On the Gracie afternoon (Tuesday) I might have gone slower than normal. If I need really needed an excuse, it was because I didn’t want to go far because of Gracie. In distance, the outing was really short.

A red leaf draws my eye!

And close I go!

Do you recognize this?

How about a littler further out? I bet most of you did in the above photo. The ghochids and spines of a Prickly Pear cactus shone in the the sunlight!

Common Persimmon seeds and juniper berries!

Close in!

Stand back a couple of inches and you can see that it is Palmetto Lichen (Ramalina celastri)!

The red veins of Carolina Buckthorn!

Coralberry!

The soredia and cilia hairs on a Parmotrema foliose lichen. The soredia are the crumbly edges which are the vegetative propagules. In other words this means the lichen can use these as an asexual means of reproduction.

Physcia lichen (gray) and Candelaria lichen (orange)!

Greenbriar tentacle! And that wraps up today’s post!

How a Wasp Turns Cockroaches into Zombies

What Eats Cockroaches?

Tiny Spider Brains Overflow Into The Body, Legs

Keep looking!

The more you know, the more you see and the more you see, the more you know.

6 Comments

  1. Love the prickly pear pics. And yes i knew from first pic. Maybe ive run into too many. Lots on our farm. Worst is being thrown and land on one. I bet Kathy knows about that. Love the lichens. Interesting spider story. If they lose a leg theyve lost some brains.
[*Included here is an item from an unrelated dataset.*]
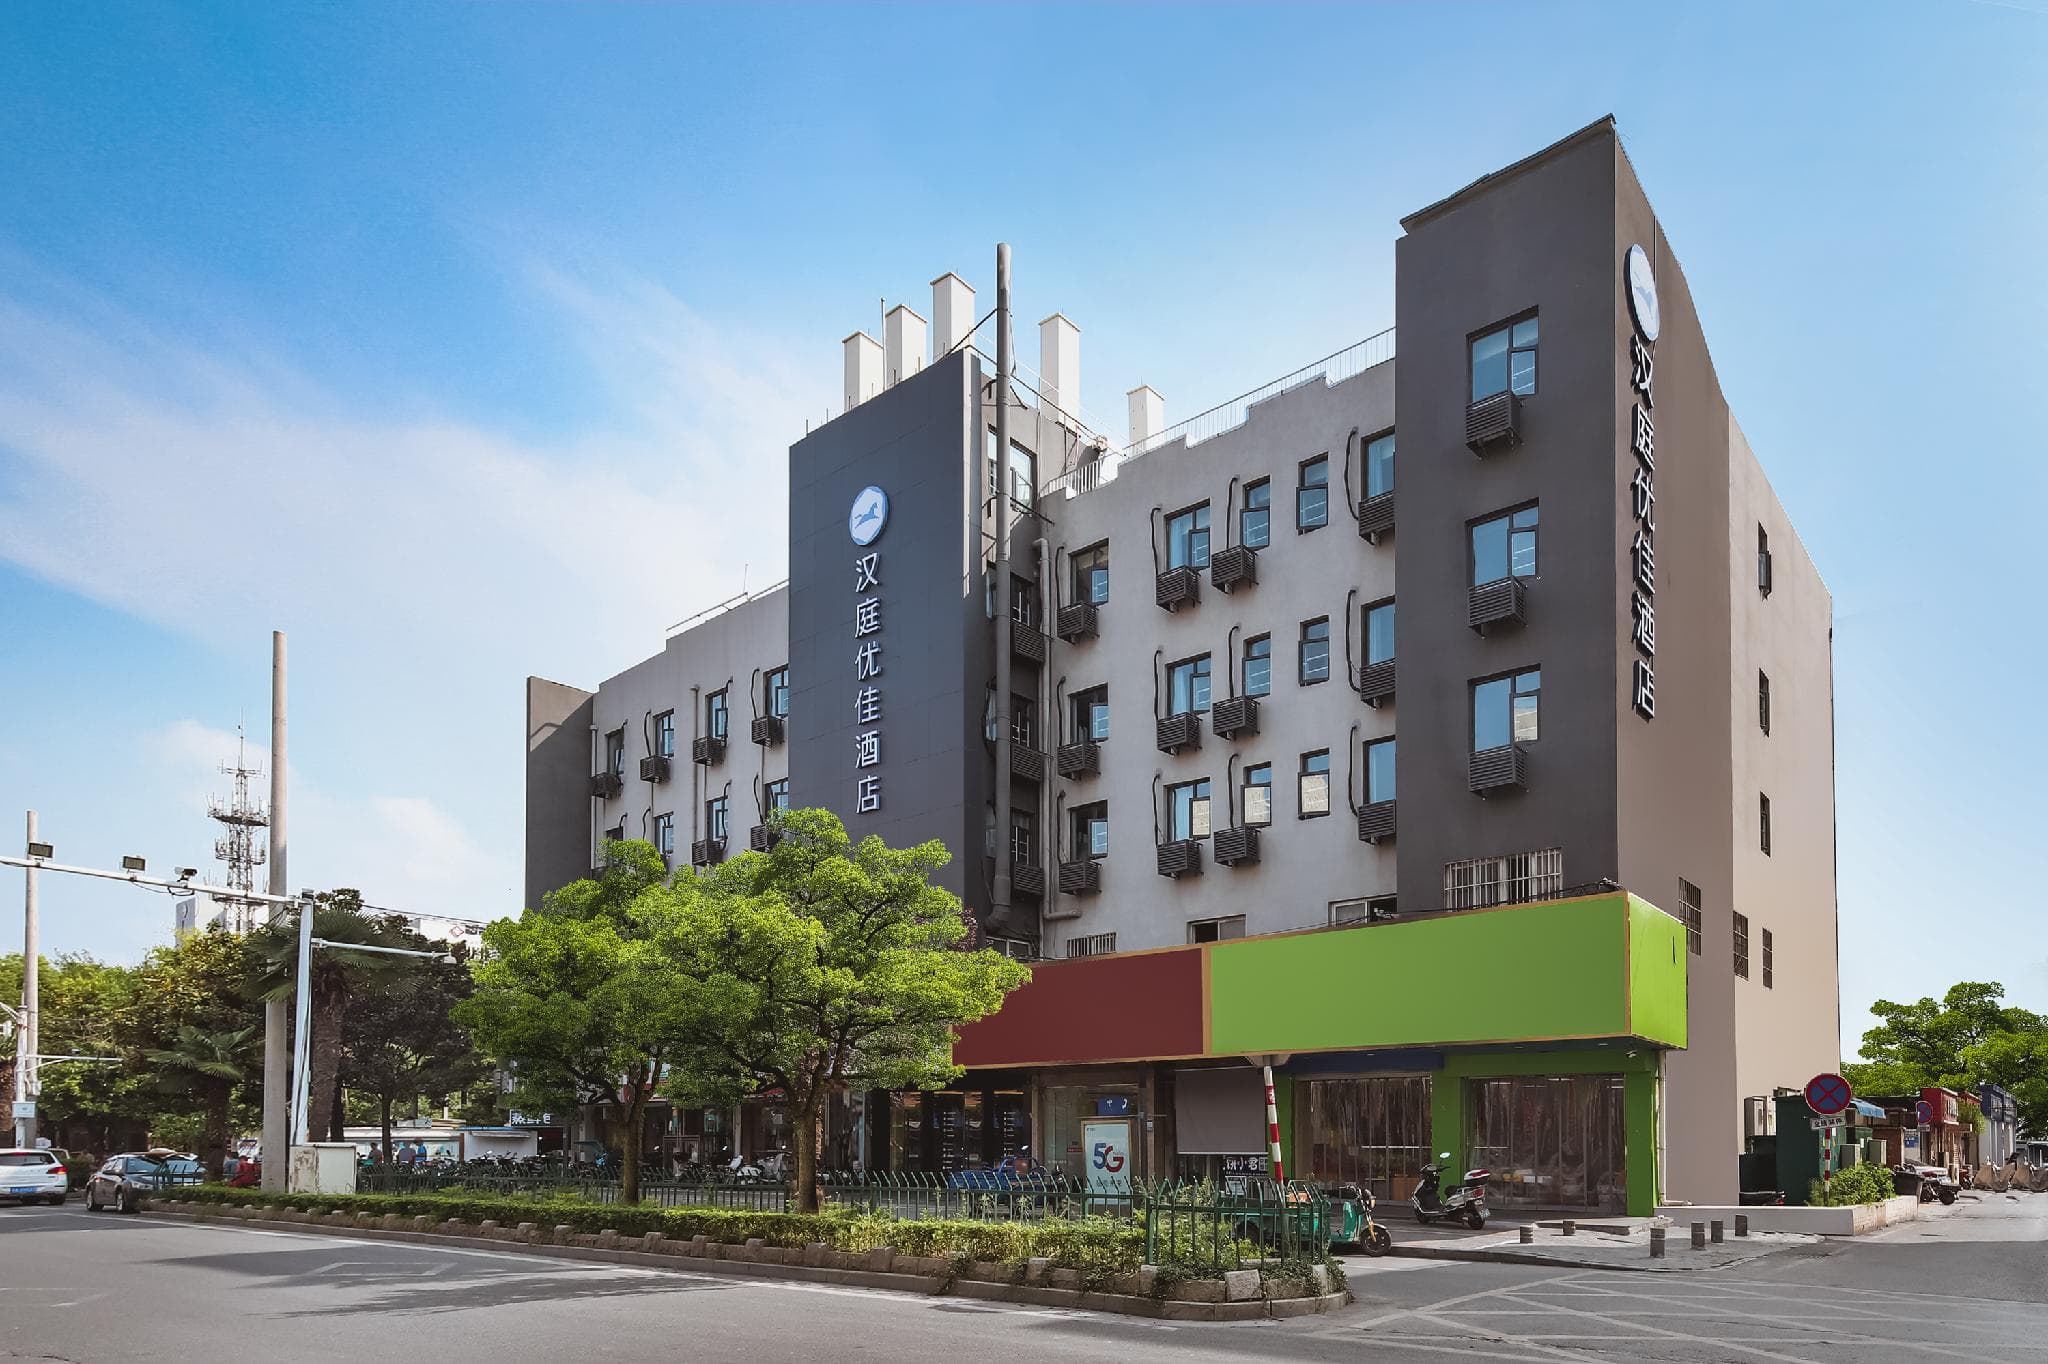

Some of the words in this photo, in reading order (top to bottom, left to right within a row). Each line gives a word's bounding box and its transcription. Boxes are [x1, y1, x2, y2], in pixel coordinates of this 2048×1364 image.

[1632, 334, 1656, 720] 汉庭优佳酒店
[855, 552, 881, 814] 汉庭优佳酒店
[1093, 1142, 1125, 1173] 5G
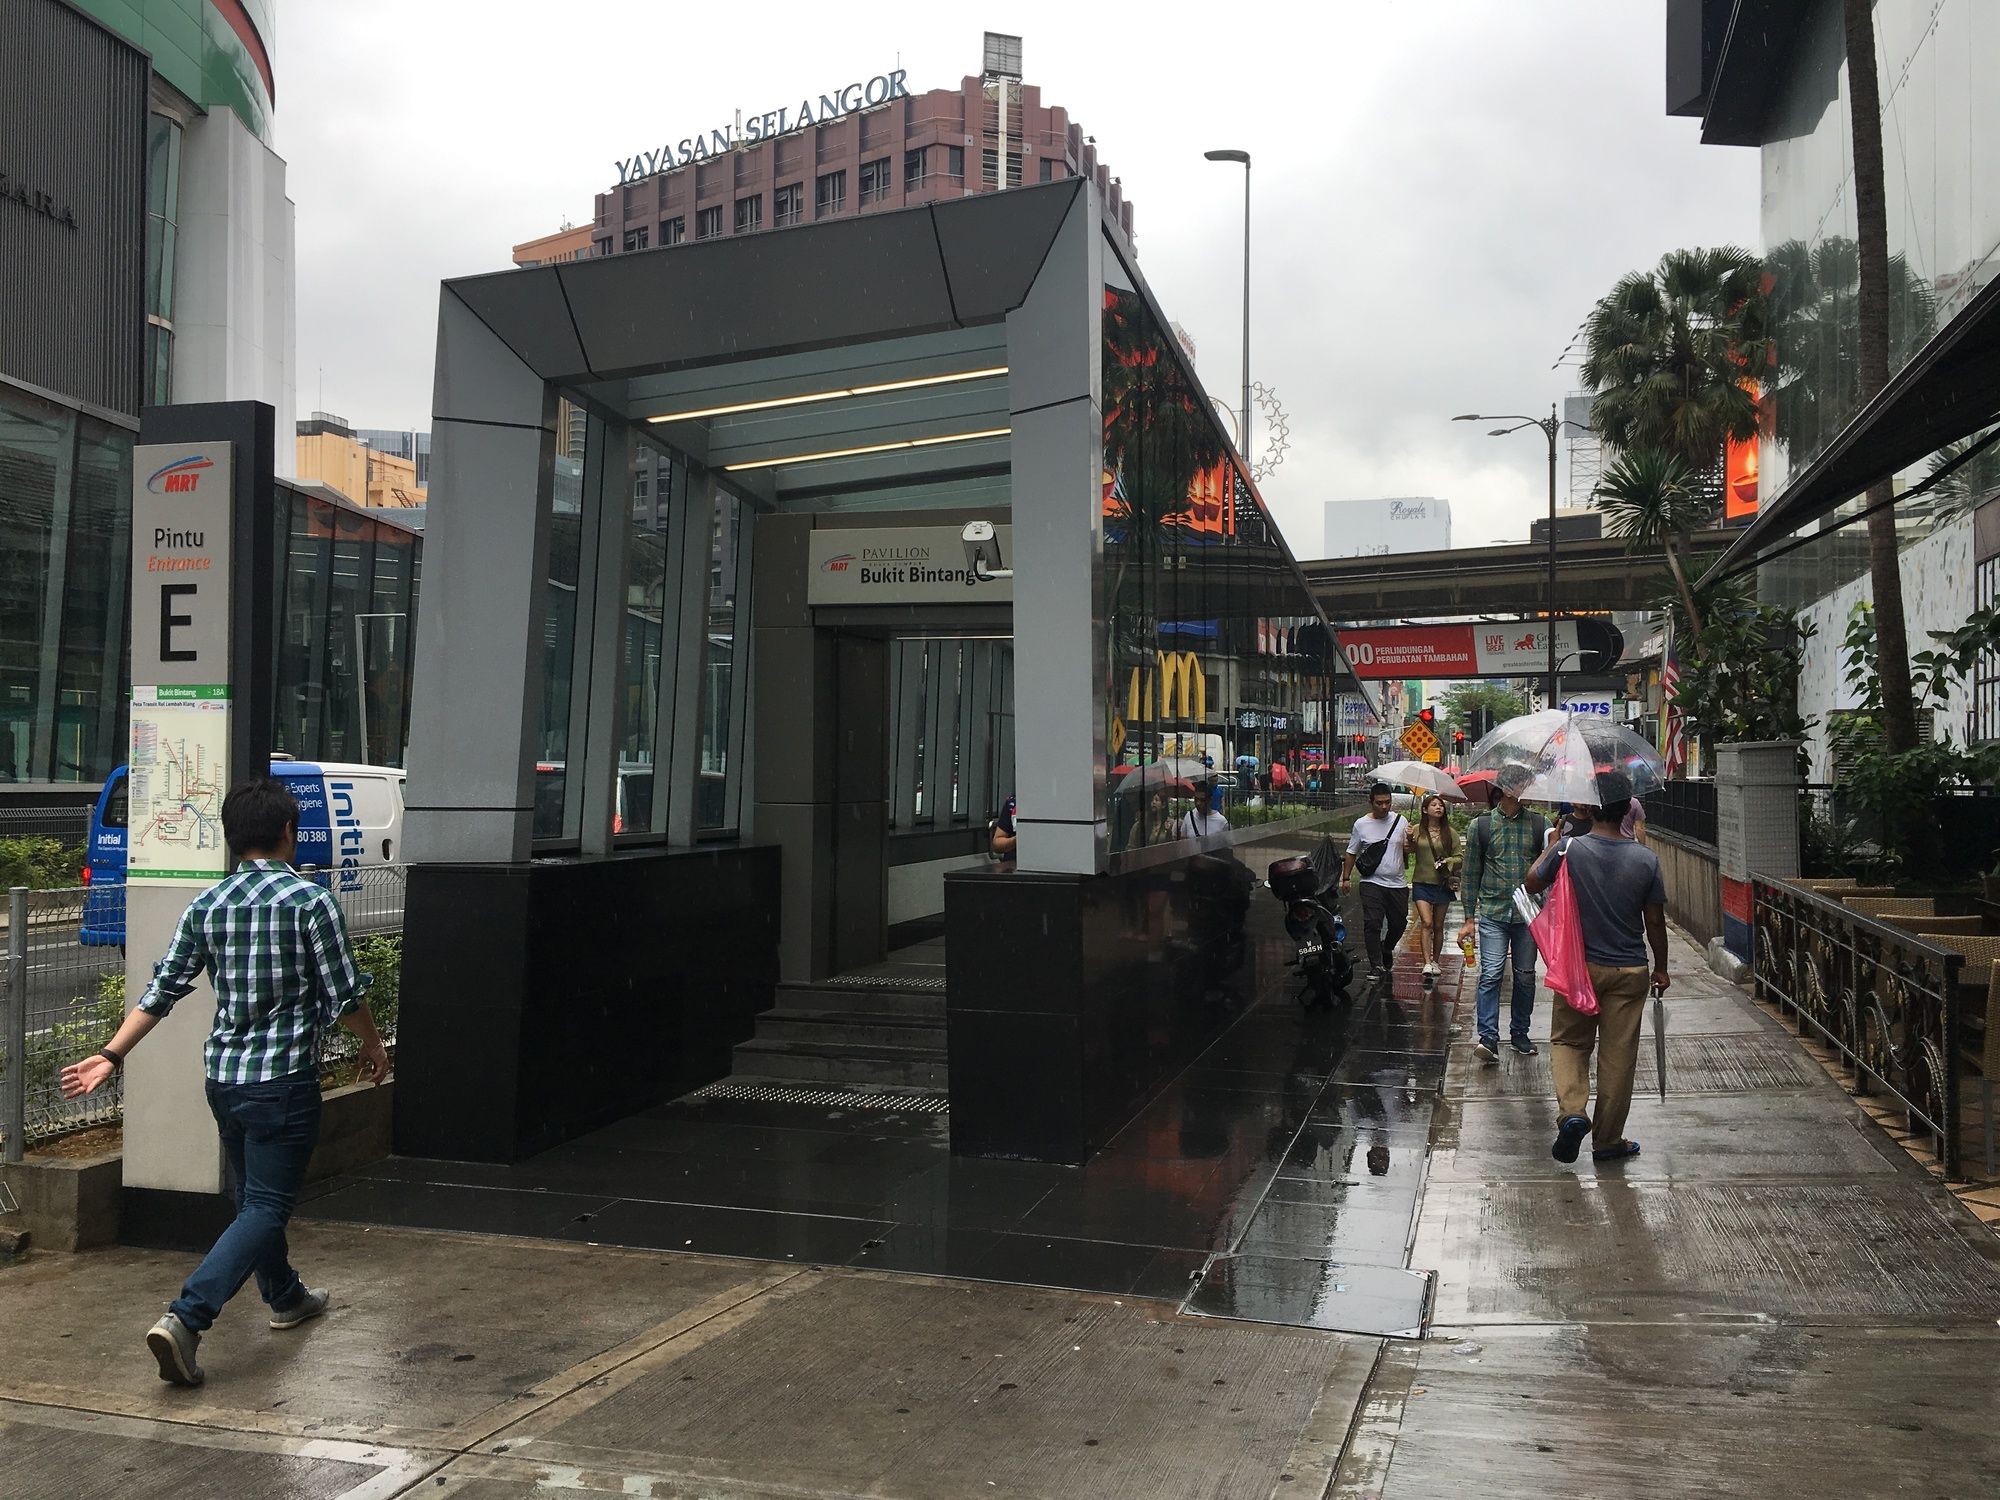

  2. I’ve never been thrown from a horse into prickly pear. If I ride near, I am extra cautious! I[‘m terrified of falling into a patch of it. But the other day while my son and I were riding, Chili put his nose down to check out a prickly pear. Silly boy. I mean that horse grew up in a pasture near the grasslands so he surely knows prickly pear. Sure enough when we got back to the barn we had to pull a bunch of thorns out of his nose.